Europeans were lactose intolerant for 4,000 years

by
in science on (#2VWY)
New research has revealed that ancient Europeans adapted the ability to digest dairy much later than expected. It's long been known that after humans transitioned from hunter gatherers to farmers, many populations also evolved the ability to tolerate lactose, a sugar found in dairy. But new DNA evidence now shows that this ability evolved much later in certain populations - and for 4,000 years ancient Europeans were eating cheese, despite not being able to stomach it.

Scientists had estimated that lactose tolerance must have evolved around 7,000 years ago or more, when cheese-making first started. But the researchers found that the genes didn't actually appear until 3,000 years ago.
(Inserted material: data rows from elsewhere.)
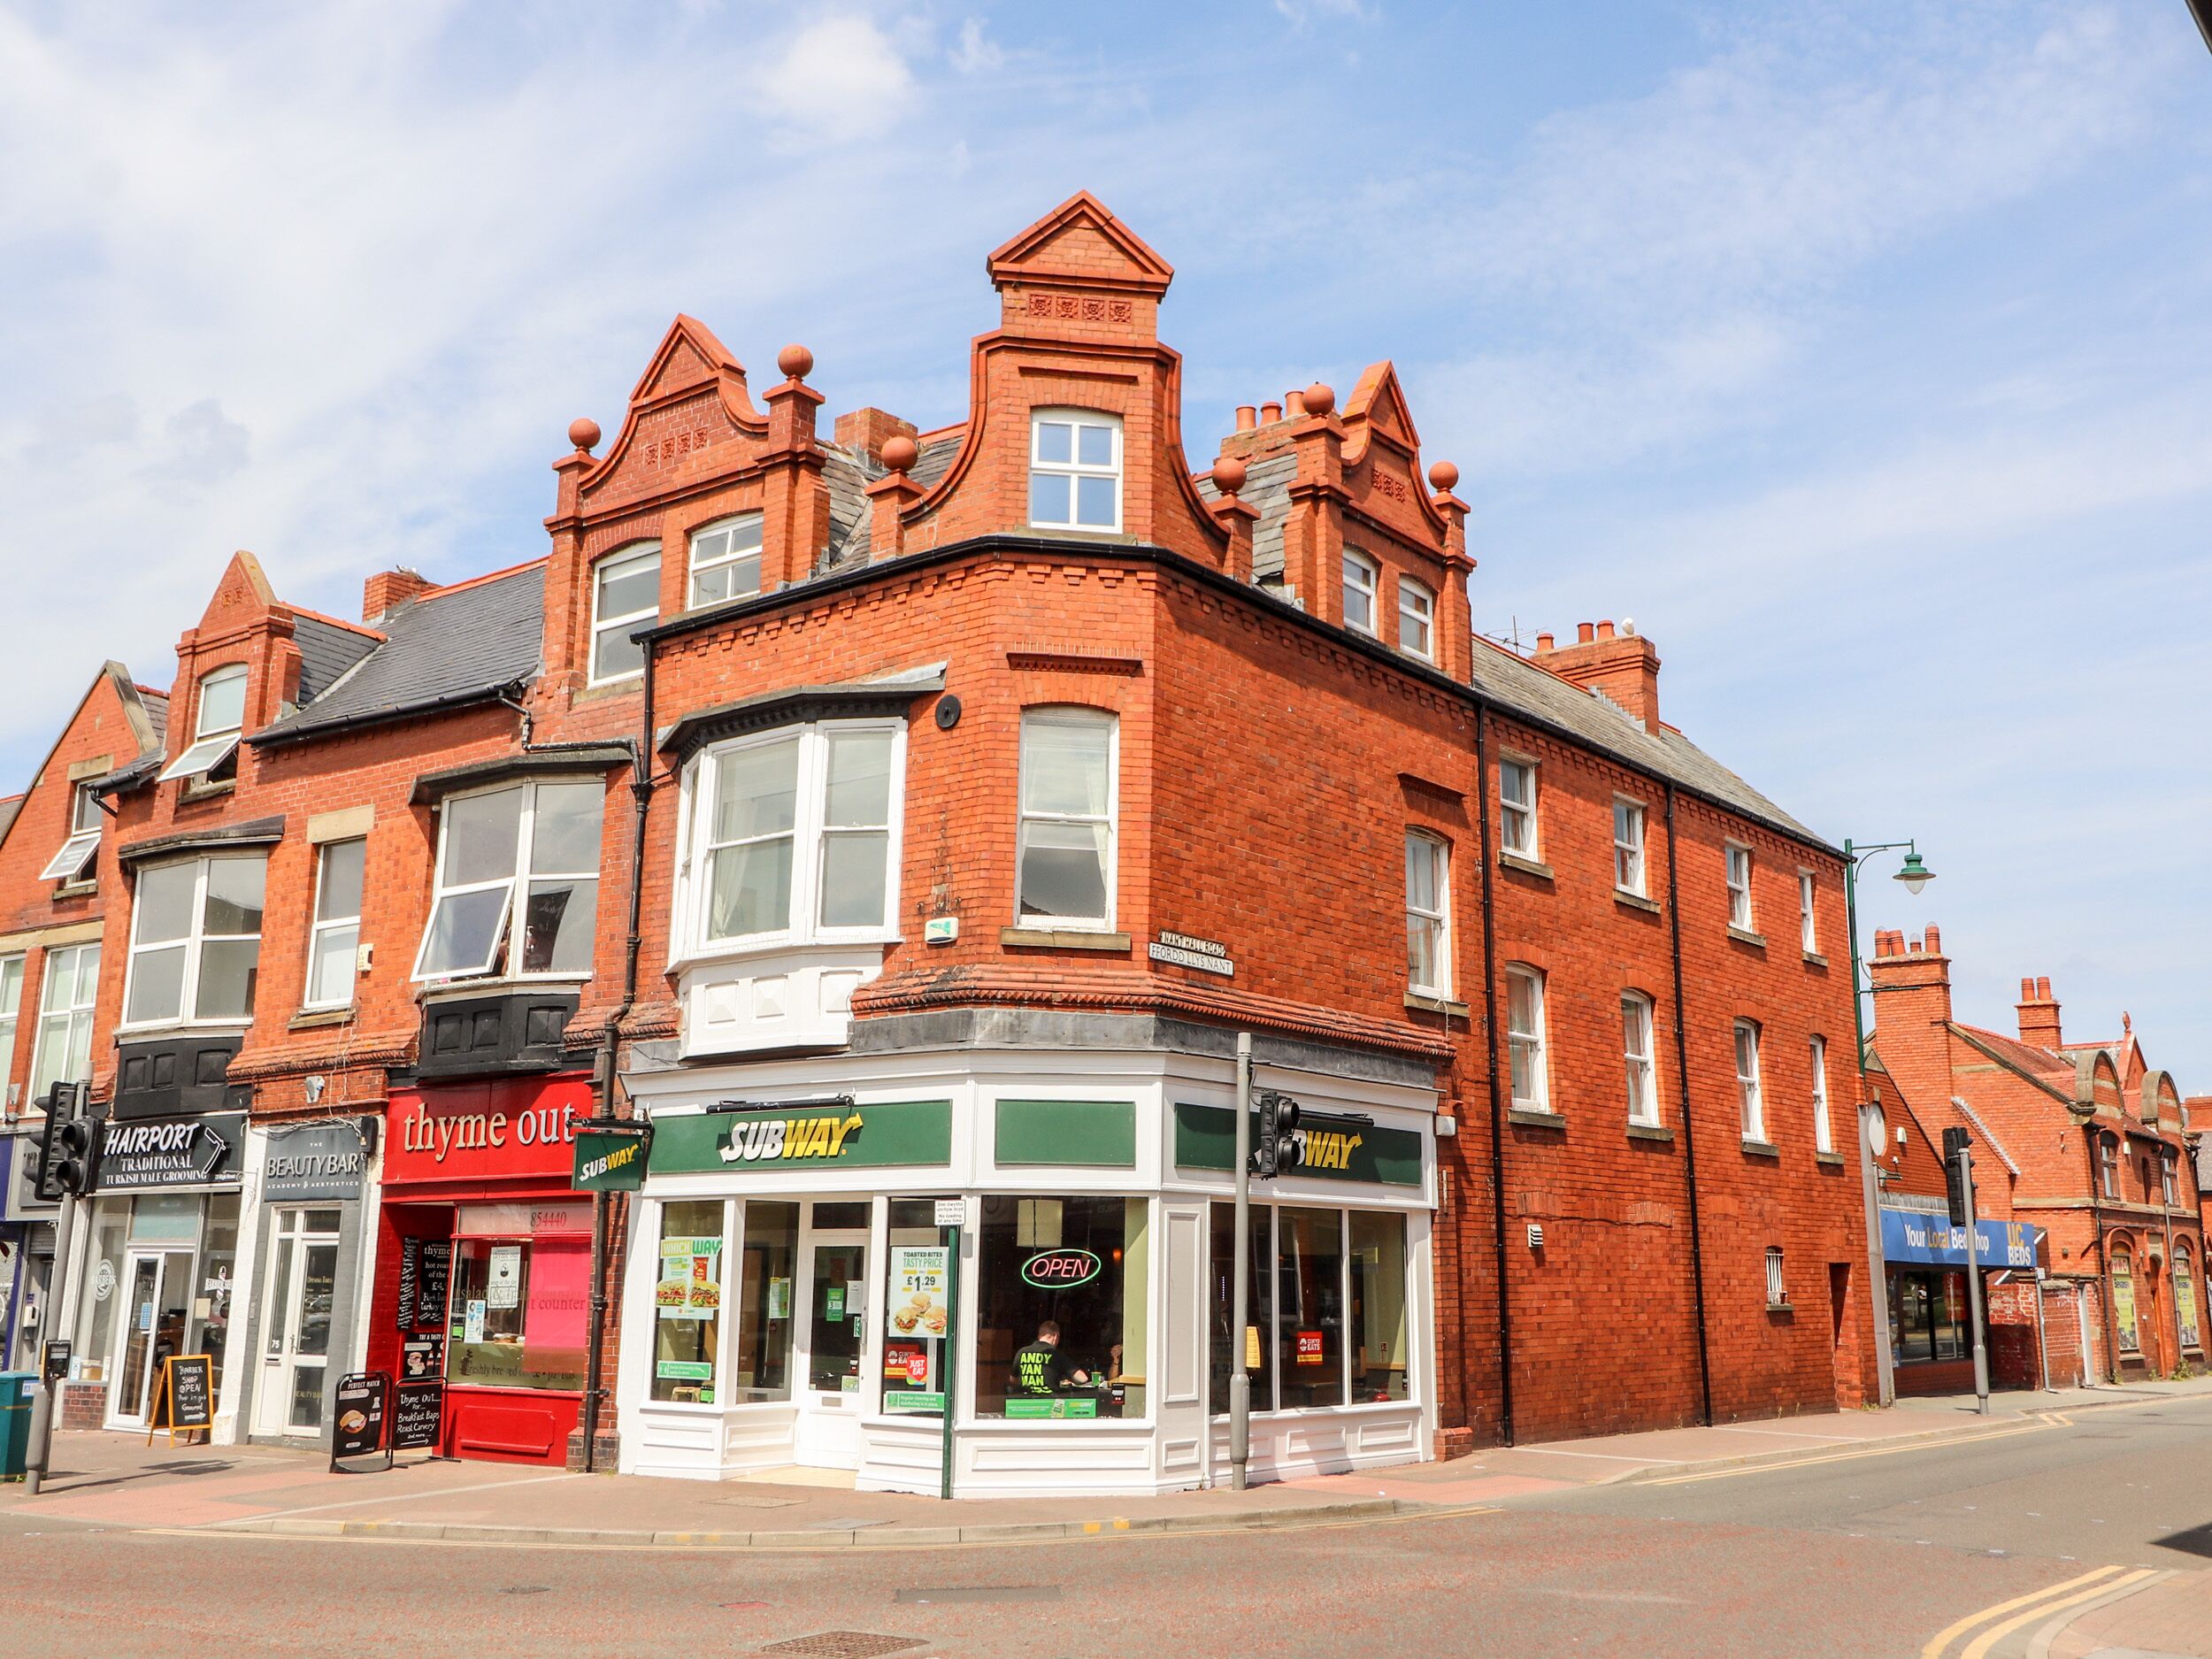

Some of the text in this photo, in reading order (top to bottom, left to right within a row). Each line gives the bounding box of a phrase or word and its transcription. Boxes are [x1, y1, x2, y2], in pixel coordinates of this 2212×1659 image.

[1162, 931, 1222, 956] NANT HALL ROAD
[1152, 945, 1230, 973] FFORDD LLYS NANT
[104, 1122, 200, 1156] HAIRPORT
[403, 1102, 575, 1161] thyme out
[718, 1111, 864, 1163] SUBWAY
[120, 1154, 193, 1172] TRADITIONAL
[266, 1152, 358, 1178] BEAUTY BAR
[580, 1142, 639, 1181] SUBWAY
[106, 1172, 138, 1186] TURKISH
[140, 1172, 161, 1183] MALE
[163, 1169, 207, 1181] GROOMING
[531, 1211, 567, 1228] 854440
[1904, 1224, 1925, 1247] Your
[1926, 1226, 1949, 1249] Local
[1974, 1228, 1989, 1256] hop
[2006, 1223, 2025, 1247] UC
[424, 1245, 451, 1256] thyme
[664, 1240, 689, 1254] WHICH
[2008, 1245, 2031, 1265] BEDS
[903, 1258, 943, 1268] TASTY PRICE
[1032, 1258, 1090, 1278] OPEN
[271, 1340, 280, 1349] 75
[910, 1359, 925, 1370] JUST
[1020, 1352, 1053, 1364] ANDY
[179, 1365, 204, 1374] BARBER
[912, 1367, 925, 1376] EAT
[1020, 1363, 1042, 1376] VAN
[179, 1382, 202, 1394] OPEN
[1021, 1375, 1044, 1386] MAN
[397, 1410, 440, 1424] Breakfast Baps
[396, 1423, 436, 1433] Roast Carvery
The next step is to map the distribution of the lactose-tolerant gene further, and find out more about how our genetics changed in response to our diet.
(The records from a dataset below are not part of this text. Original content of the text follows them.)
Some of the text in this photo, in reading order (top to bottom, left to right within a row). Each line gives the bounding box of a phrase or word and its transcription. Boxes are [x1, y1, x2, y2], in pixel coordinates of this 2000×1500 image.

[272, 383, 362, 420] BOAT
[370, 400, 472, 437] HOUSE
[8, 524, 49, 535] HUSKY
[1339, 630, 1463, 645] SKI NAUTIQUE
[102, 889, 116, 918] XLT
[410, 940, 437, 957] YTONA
This seems to show that human evolution doesn't happen as quickly as expected, and lends some credence to the saying: Starving people have no food allergies.

Re: and so the chimney was invented (Score: 1)

by evilviper@pipedot.org on 2014-12-15 01:09 (#2VY9)

Reminds me of one of my favorite quotes, direct from the History Channel's Modern Marvels episode on toilets & sanitation:
You realize how bad the situation was if you look at the palace of Versailles. A fortune was spent in constructing it. It had these wonderful halls of mirrors, elaborate chandeliers, and you might have a thousand people being entertained. Eating and drinking copiously, but where did they go to the bathroom? There was not a single bathroom in the entire elaborate palace. And the answer is, they went in the stairwells. One of the reasons the French applied so much perfume during that period was to overcome all of the indoor odors from people relieving themselves.
And the idea that a man walks on the left side of the female dates back to this time. It was polite for him to get hit by the contents of the chamber pot and spare the woman.